_Exercise details:_
Reproduce the records that follow exactly; any picture among them stays out.

_Input:_
+ + + +

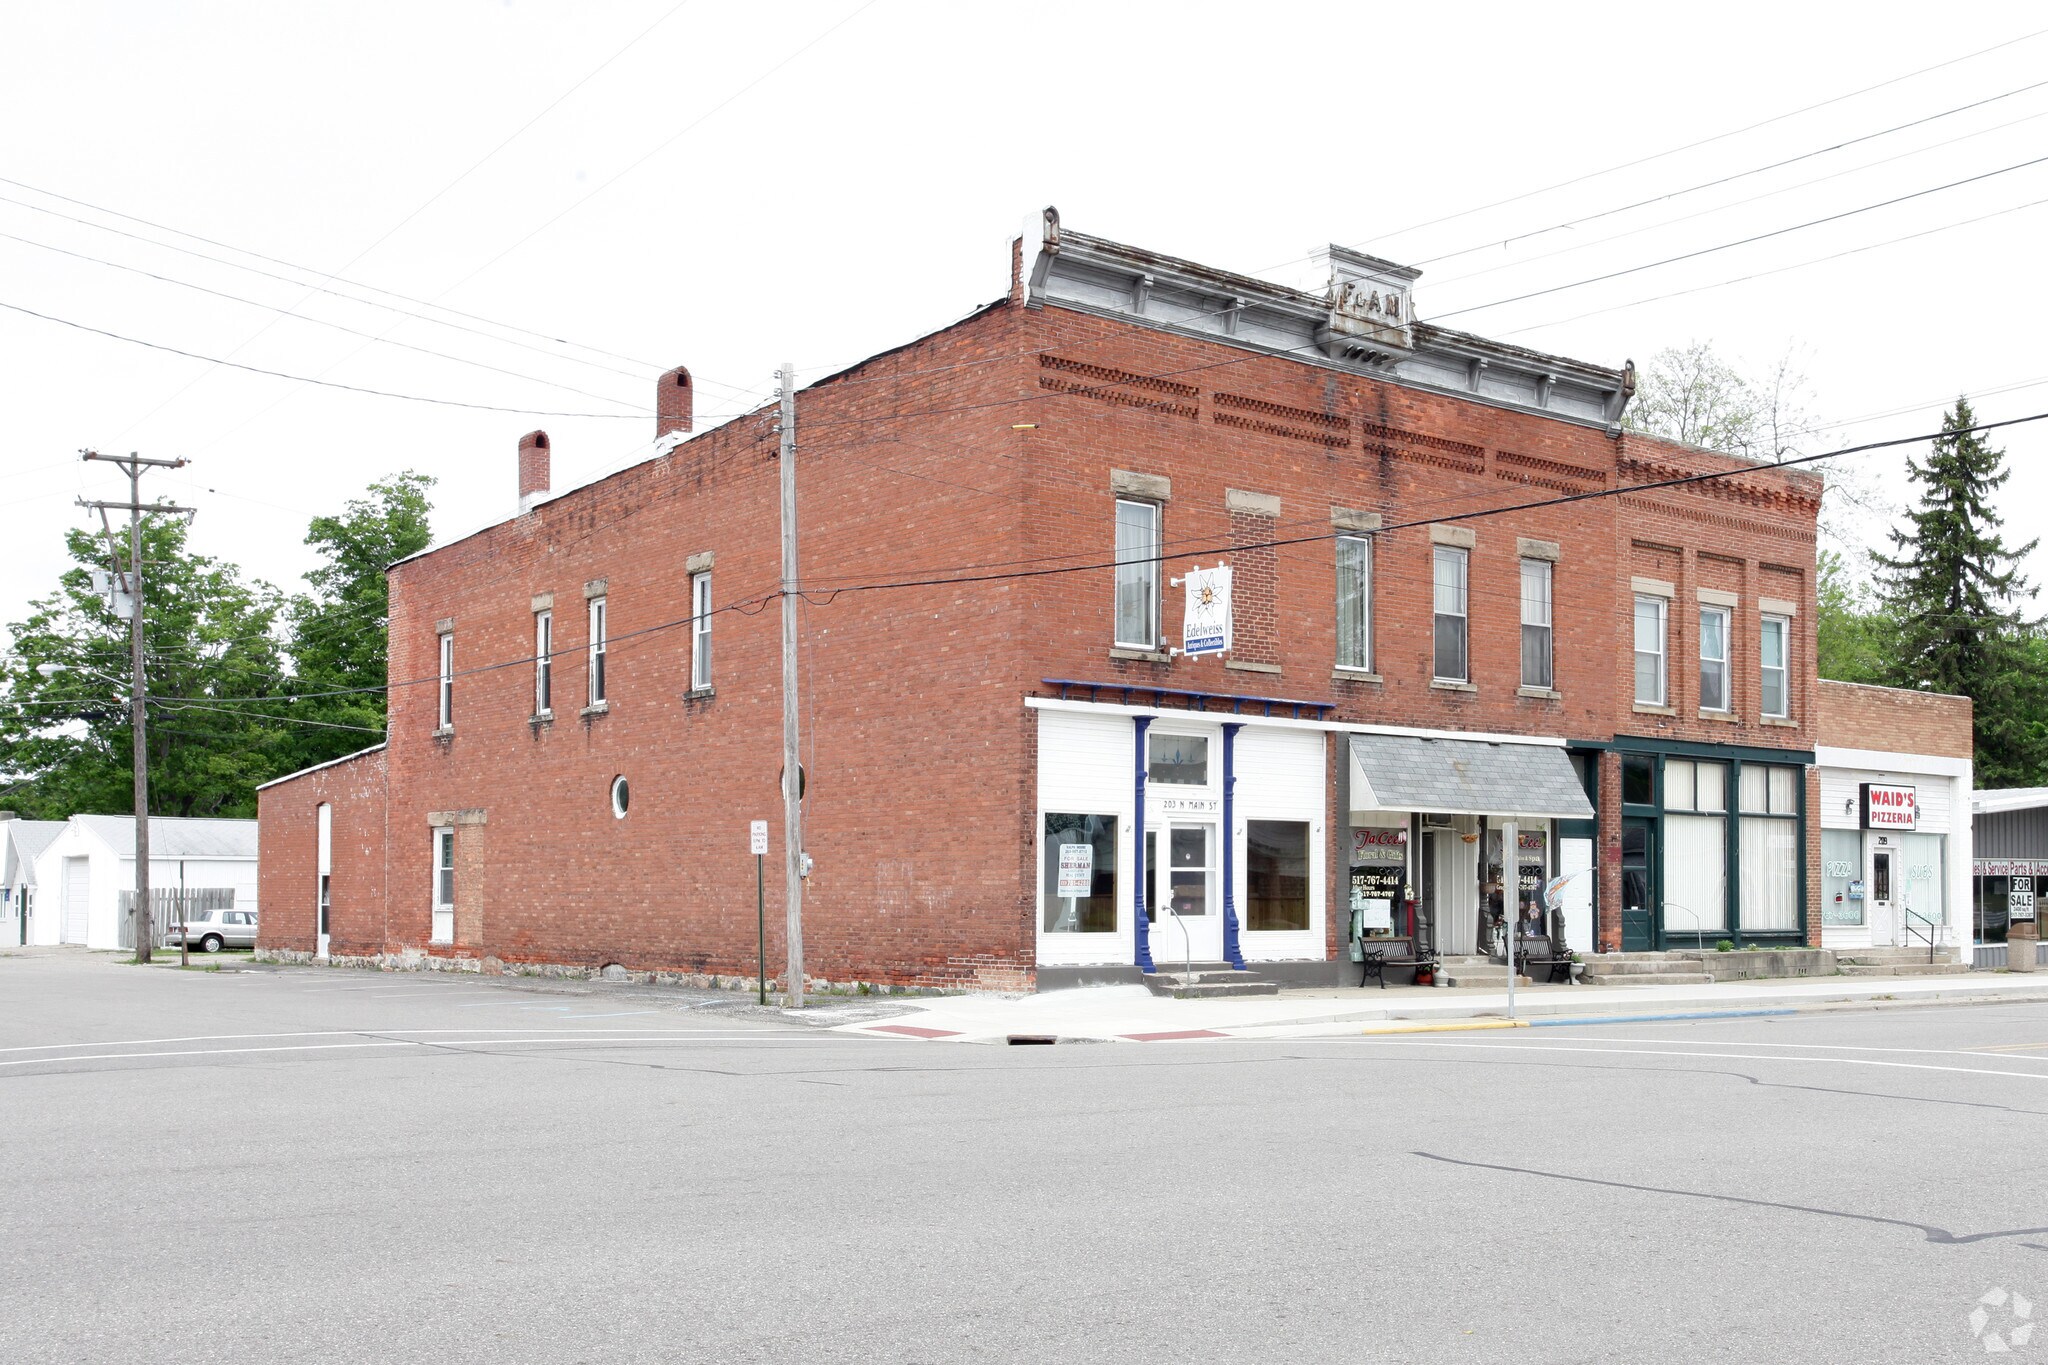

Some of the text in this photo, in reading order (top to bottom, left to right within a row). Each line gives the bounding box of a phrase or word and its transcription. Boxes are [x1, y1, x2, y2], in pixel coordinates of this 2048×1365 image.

[1186, 620, 1223, 638] Edelweiss
[1187, 640, 1200, 651] Antiques
[1204, 637, 1223, 647] Collectibles
[1163, 800, 1217, 810] 203 N MAIN ST
[1870, 790, 1914, 807] WAID'S
[1871, 811, 1913, 824] PIZZERIA
[1878, 836, 1888, 845] 209
[1357, 849, 1404, 860] Floral & Gifts
[1826, 860, 1852, 878] PIZZA
[1911, 864, 1933, 879] SUBS
[1983, 861, 1987, 875] &
[1988, 861, 2008, 875] Service
[2010, 861, 2027, 875] Parts
[2029, 861, 2033, 875] &
[1352, 875, 1399, 885] 517-767-4414
[2012, 878, 2030, 890] FOR
[2010, 895, 2032, 906] SALE
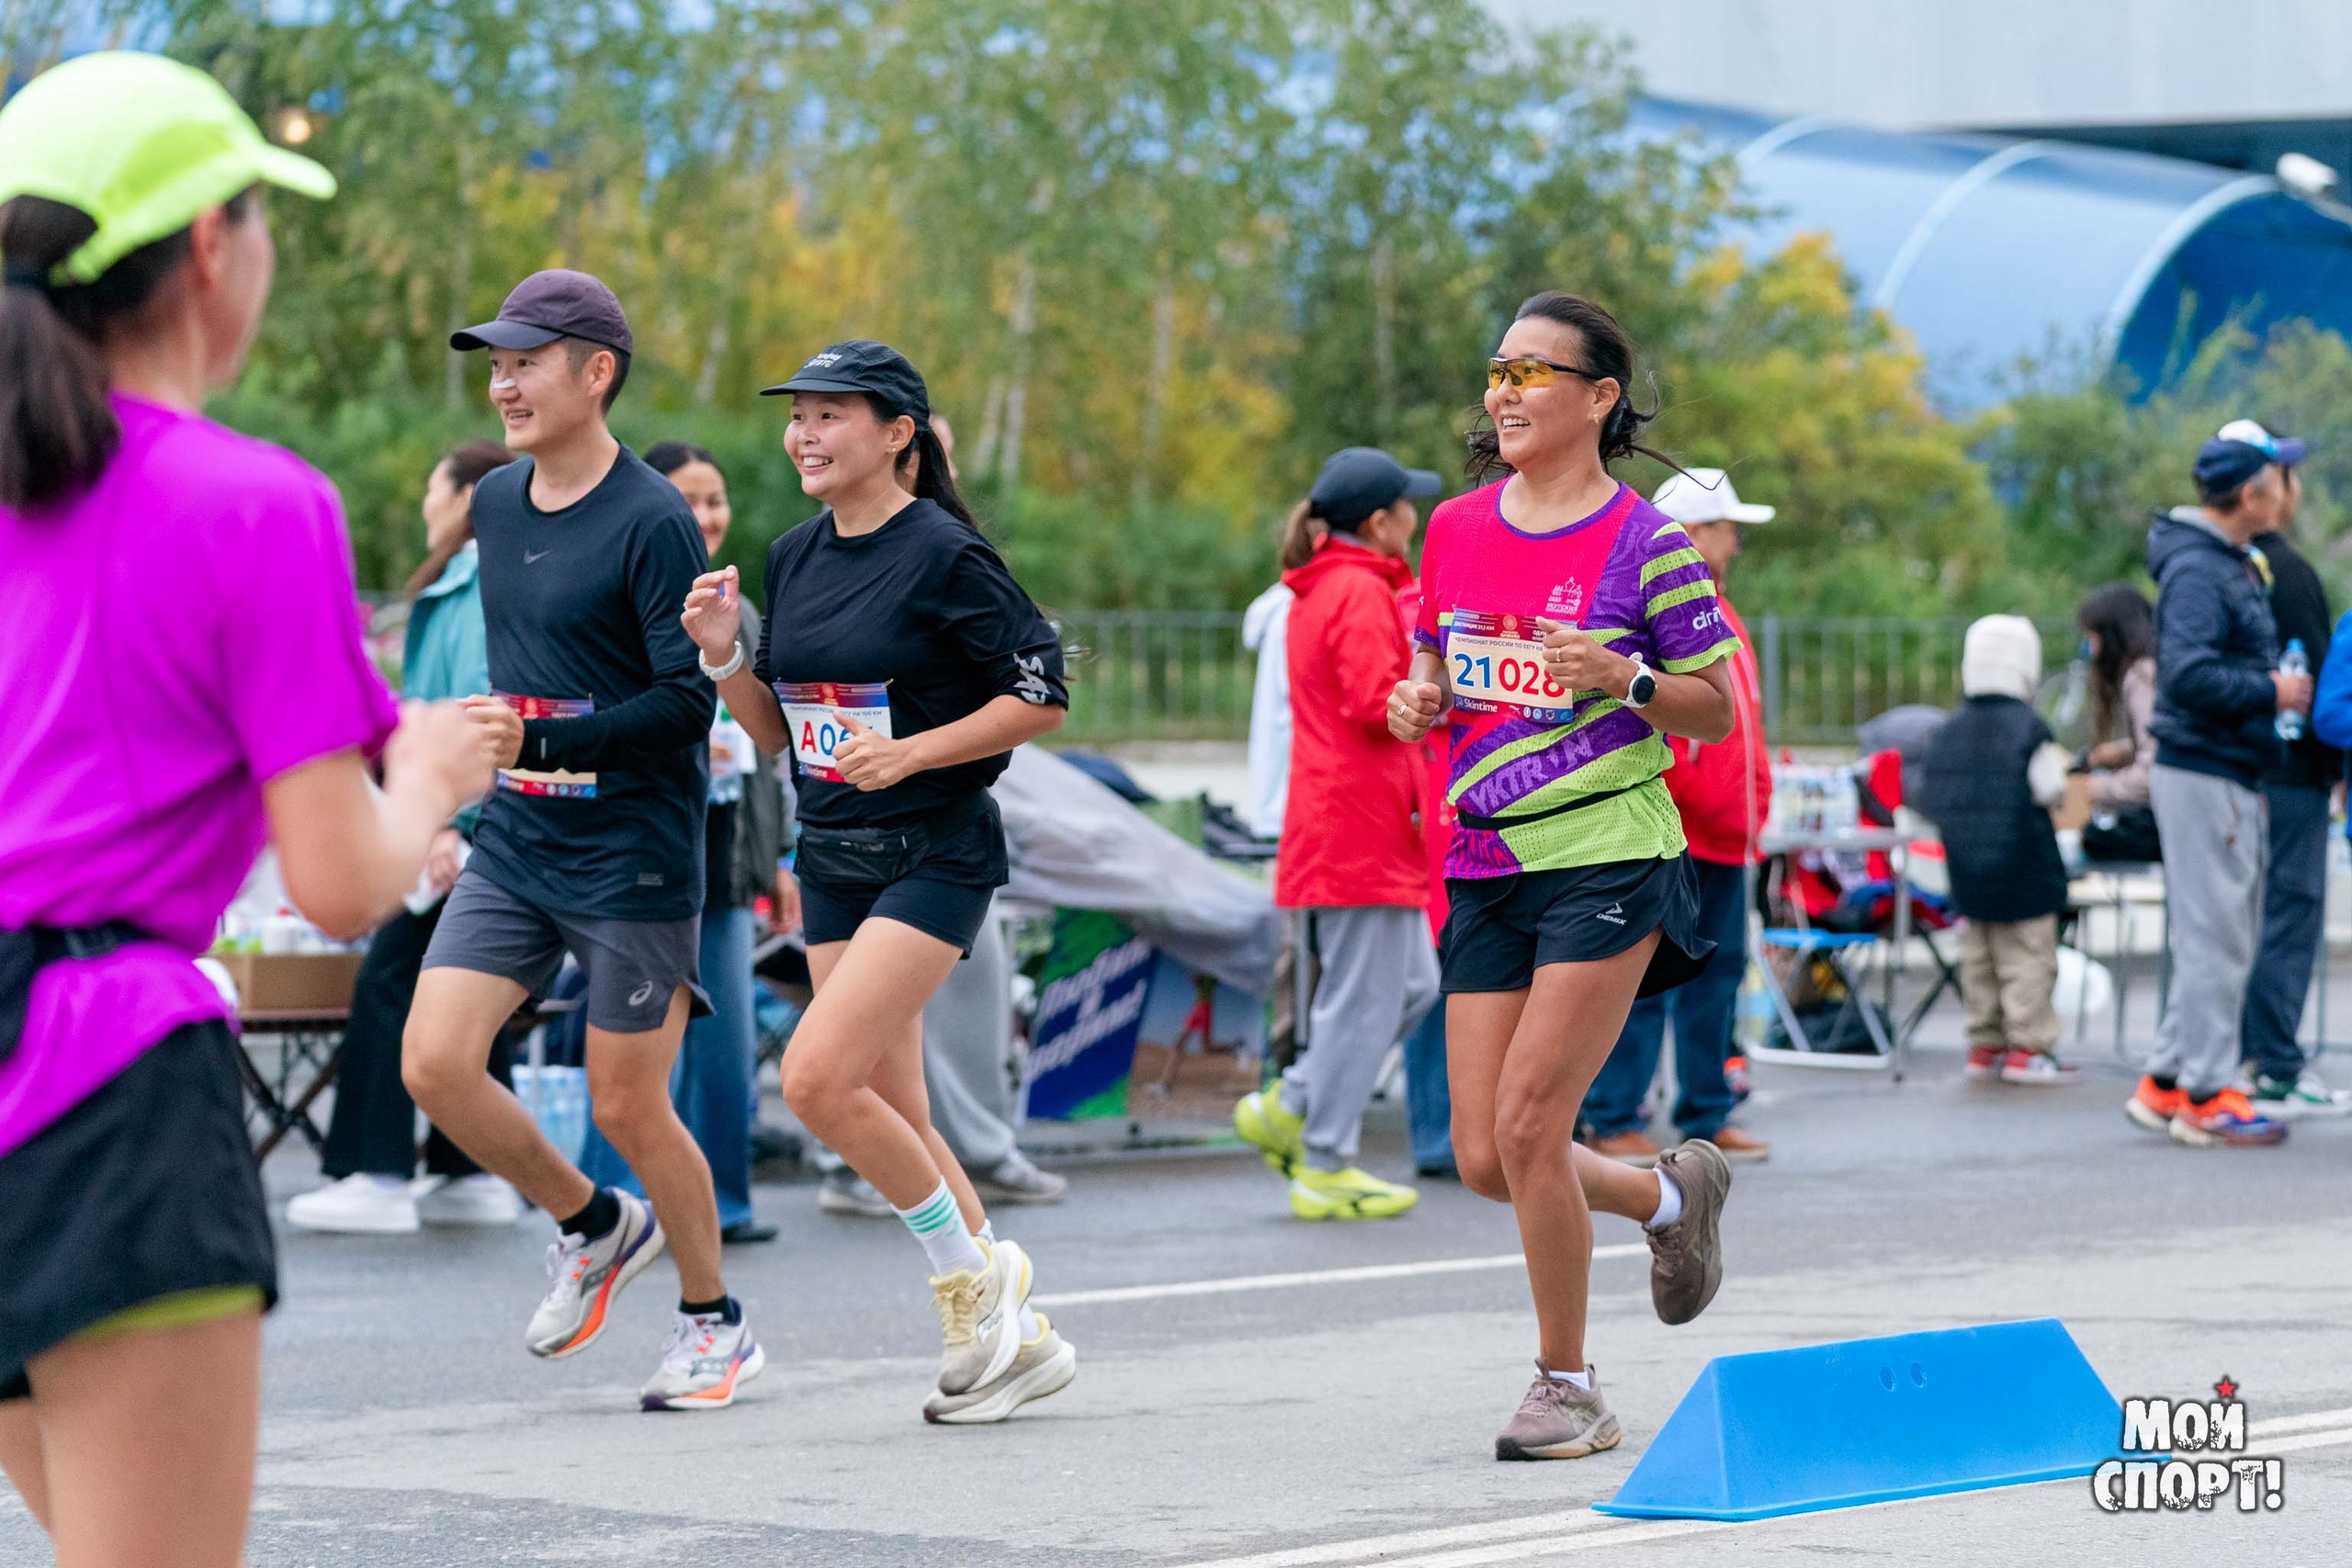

+ + + +

_Exercise result:_
Some of the text in this photo, in reading order (top to bottom, left to right within a row). Each line gives the bounding box of a phrase or word and its transcription. Boxes are [x1, y1, x2, y2], in pixel coordinates of this 2048×1365 image.

[1186, 620, 1223, 638] Edelweiss
[1187, 640, 1200, 651] Antiques
[1204, 637, 1223, 647] Collectibles
[1163, 800, 1217, 810] 203 N MAIN ST
[1870, 790, 1914, 807] WAID'S
[1871, 811, 1913, 824] PIZZERIA
[1878, 836, 1888, 845] 209
[1357, 849, 1404, 860] Floral & Gifts
[1826, 860, 1852, 878] PIZZA
[1911, 864, 1933, 879] SUBS
[1983, 861, 1987, 875] &
[1988, 861, 2008, 875] Service
[2010, 861, 2027, 875] Parts
[2029, 861, 2033, 875] &
[1352, 875, 1399, 885] 517-767-4414
[2012, 878, 2030, 890] FOR
[2010, 895, 2032, 906] SALE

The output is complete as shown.